**TRY IT**
Everything in the listing must be repeated exactly, apart from the images.

**DATA EXTRACTS**
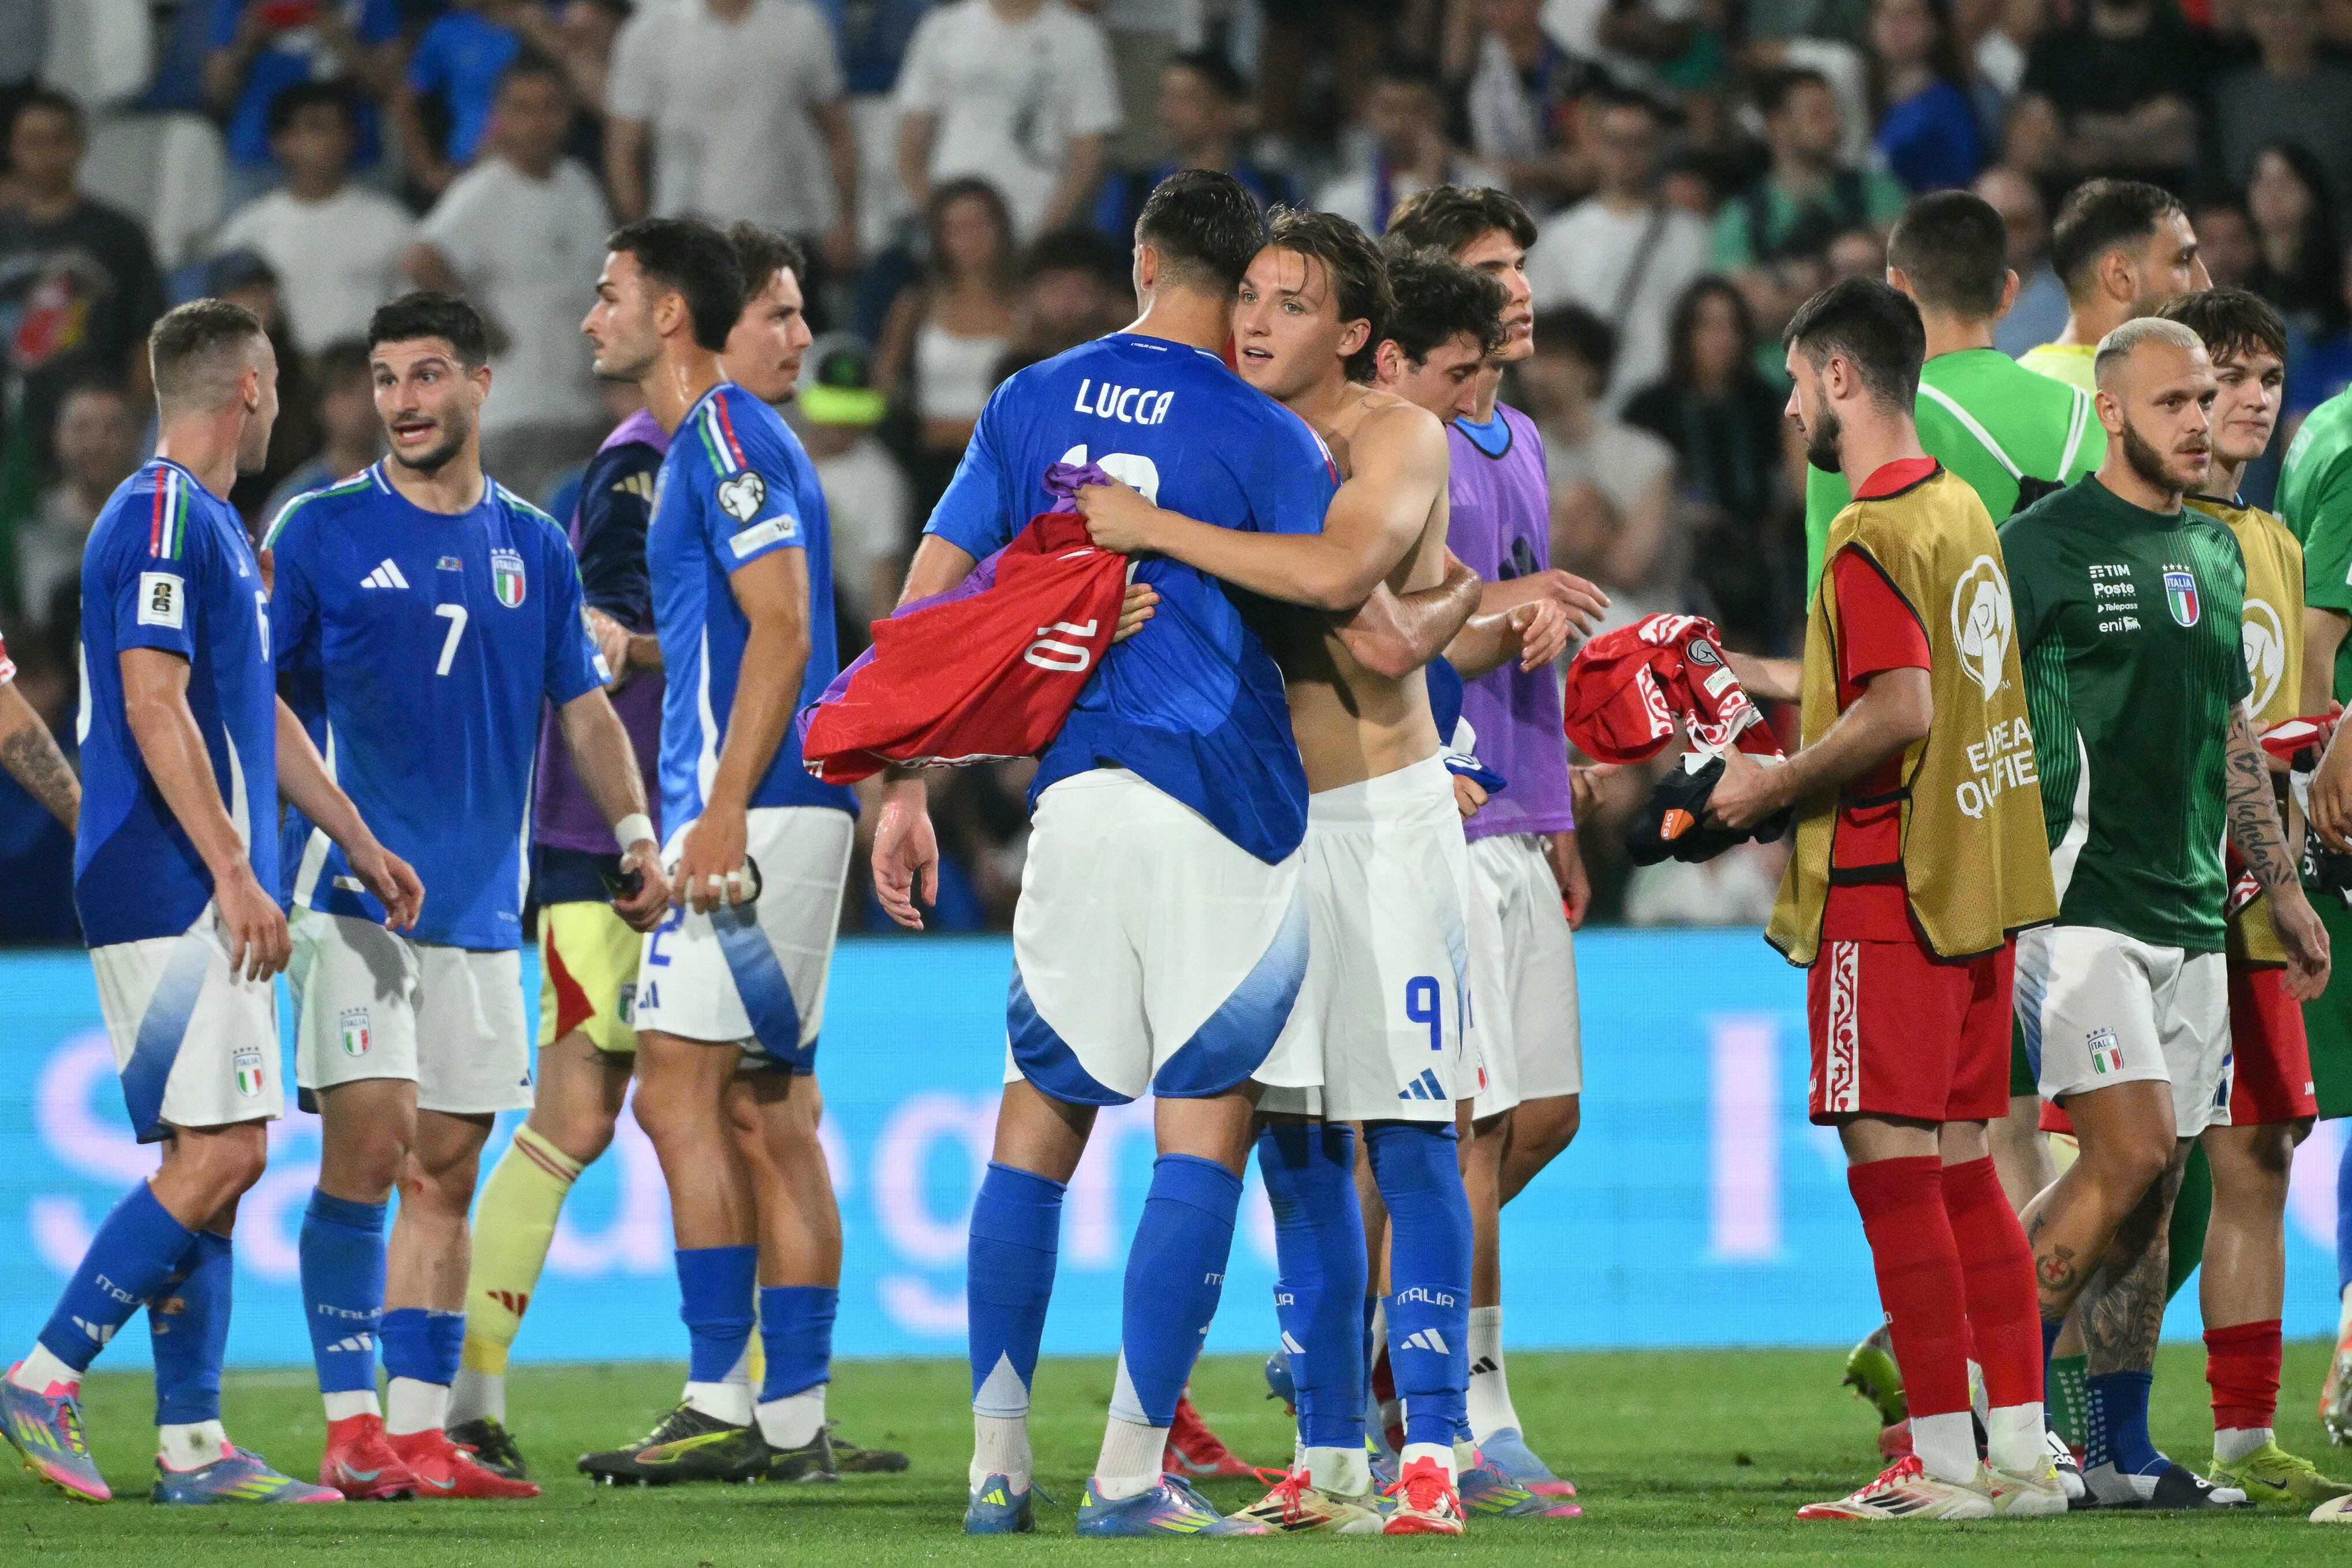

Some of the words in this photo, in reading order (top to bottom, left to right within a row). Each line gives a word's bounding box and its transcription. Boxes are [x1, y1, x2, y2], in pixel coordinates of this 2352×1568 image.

[1074, 379, 1175, 425] LUCCA
[2104, 564, 2131, 577] TIM
[2093, 582, 2135, 596] Poste
[2167, 577, 2192, 588] ITALIA
[2104, 602, 2138, 612] Telepass
[2099, 618, 2123, 632] eni
[435, 603, 468, 676] 7
[1024, 619, 1097, 672] 10
[1405, 975, 1442, 1051] 9
[1397, 1287, 1455, 1308] ITALIA

**WRITTEN ANSWER**
Some of the words in this photo, in reading order (top to bottom, left to right within a row). Each line gives a word's bounding box and its transcription. Boxes are [x1, y1, x2, y2], in pixel coordinates of this 2352×1568 image.

[1074, 379, 1175, 425] LUCCA
[2104, 564, 2131, 577] TIM
[2093, 582, 2135, 596] Poste
[2167, 577, 2192, 588] ITALIA
[2104, 602, 2138, 612] Telepass
[2099, 618, 2123, 632] eni
[435, 603, 468, 676] 7
[1024, 619, 1097, 672] 10
[1405, 975, 1442, 1051] 9
[1397, 1287, 1455, 1308] ITALIA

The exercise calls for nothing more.